Già durante la primissima visita dal ginecologo, quando la nana era una virgola o poco più nella mia pancia, mi è stato chiesto quale tipo di esame prenatale avrei voluto fare. Io non ne sapevo assolutamente nulla, e la mia amica che mi accompagnava (mio marito era fuori per lavoro) mi ha detto che lei si era sottoposta alla villocentesi, un test invasivo che, tramite l’analisi dei villi coriali, permette di capire se il feto avrà delle malattie cromosomiche.

Il mio ginecologo, che è veramente un mito, mi ha detto: “Guardi, le analisi prenatali sono come un menù: lei può scegliere quello che ritiene meglio per sé o anche non fare nulla, basta che ne sia consapevole“. Stava per caso paragonando la salute della nana con un piatto di maccheroni? No, ovviamente. La sua espressione originale voleva solo comunicarmi che non ero obbligata a scegliere nulla di cui non fossi assolutamente certa.

Io e mio marito ci abbiamo riflettuto e abbiamo deciso che mi sarei sottoposta solo alla translucenza nucale.
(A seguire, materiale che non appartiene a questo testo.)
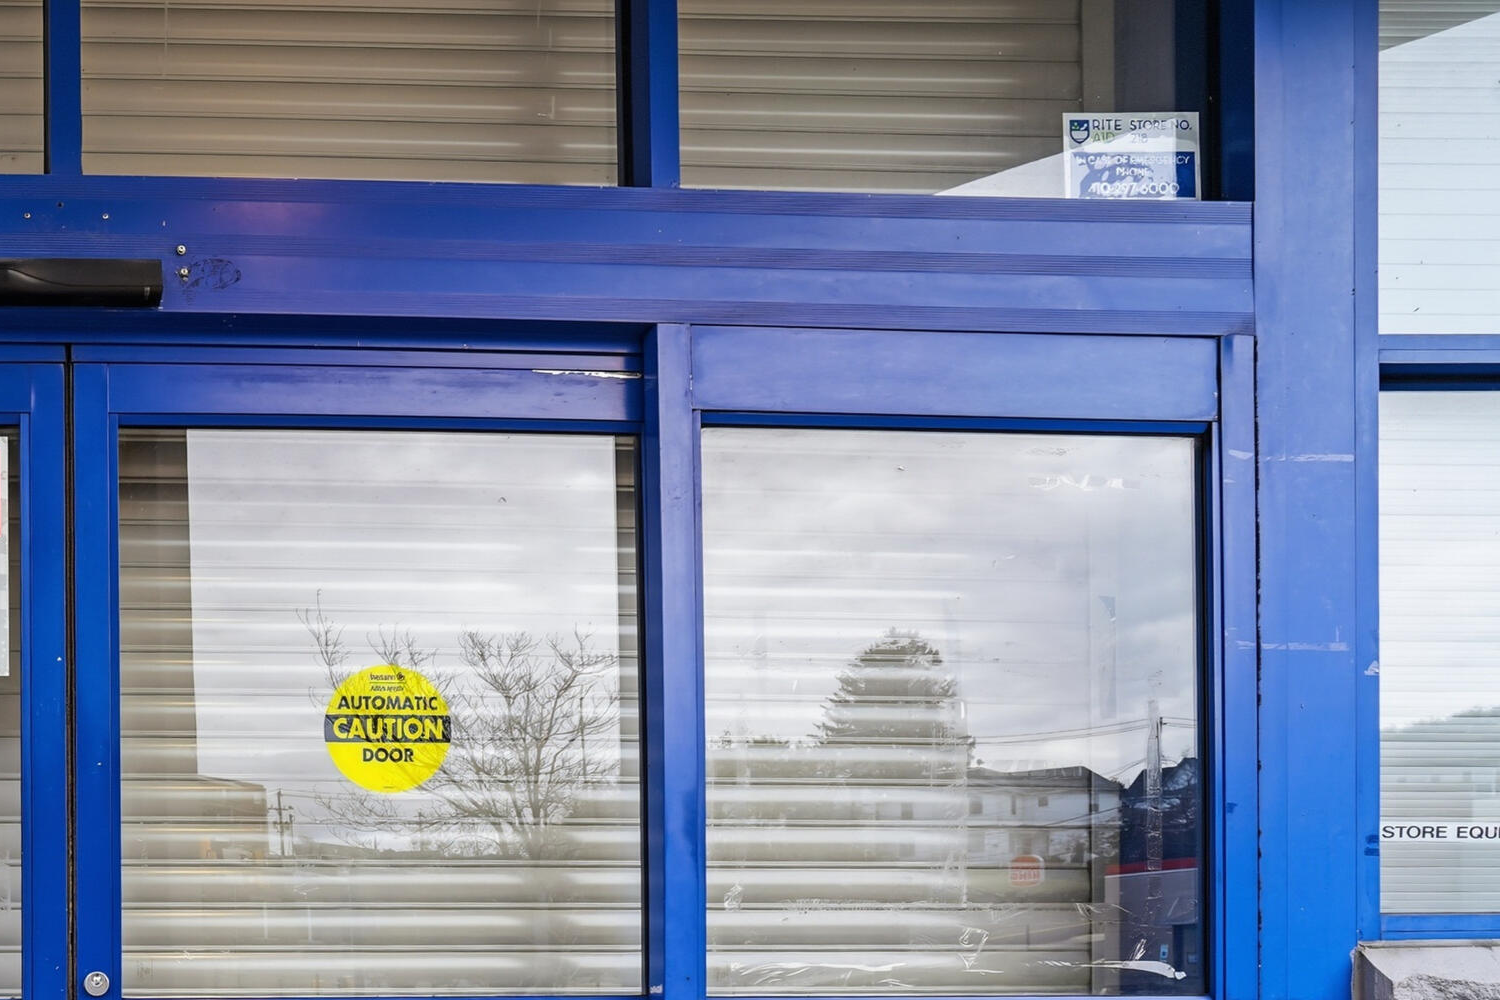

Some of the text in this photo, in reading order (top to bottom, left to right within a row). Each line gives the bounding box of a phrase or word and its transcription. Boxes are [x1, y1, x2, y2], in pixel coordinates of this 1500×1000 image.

Innanzitutto la translucenza non da una certezza, ma solo la probabilità che il bambino sia affetto o meno da alcune anomalie cromosomiche, come la sindrome di Down. Se volete insomma essere più sicure dovete per forza sottoporvi ad un test più invasivo come l’amniocentesi o la villocentesi, ma io non me la sono sentita.

Avrei avuto il coraggio di abortire se la mia nana non fosse stata “perfetta”? No, non lo avrei avuto. Considero questa figlia come una grande benedizione, è arrivata subito, per cui non potevo certo comportarmi come Dio e decidere delle vite degli altri. Pertanto, abbiamo svolto solo la translucenza assieme all’esame del sangue, il bitest.

L’esame si svolge in questo modo: si combina un’ecografia che si svolge  tra le settimane 11+0 e 13+6 di gestazione e un esame del sangue della madre. Nell’ecografia si misura appunto la translucenza, ovvero una sorta di  liquido che è ben visibile nel feto durante il primo trimestre e che si trova dietro la testa del bambino. Più la fessura che contiene il liquido è sottile, minore probabilità ci sono che il bambino abbia qualche sindrome genetica. Un altro valore che viene misurato è l’osso nasale: più l’osso è pronunciato, minori probabilità ci sono di sindrome di Down (dove invece il naso risulta più schiacciato).

L’esame del sangue estrae invece delle proteine e degli ormoni  (Free Beta-HCG e PAPP-A) per vedere se la madre è portatrice di qualche malattia genetica, dovute ad anomalie cromosomiche .

Nel nostro caso la probabilità combinata è stata molto bassa, ma ripetiamo, si tratta di un calcolo statistico, per cui quando la nana nascerà vedremo. E in ogni caso, per noi sarà bellissima!

E voi unimamme, quale esame avete scelto?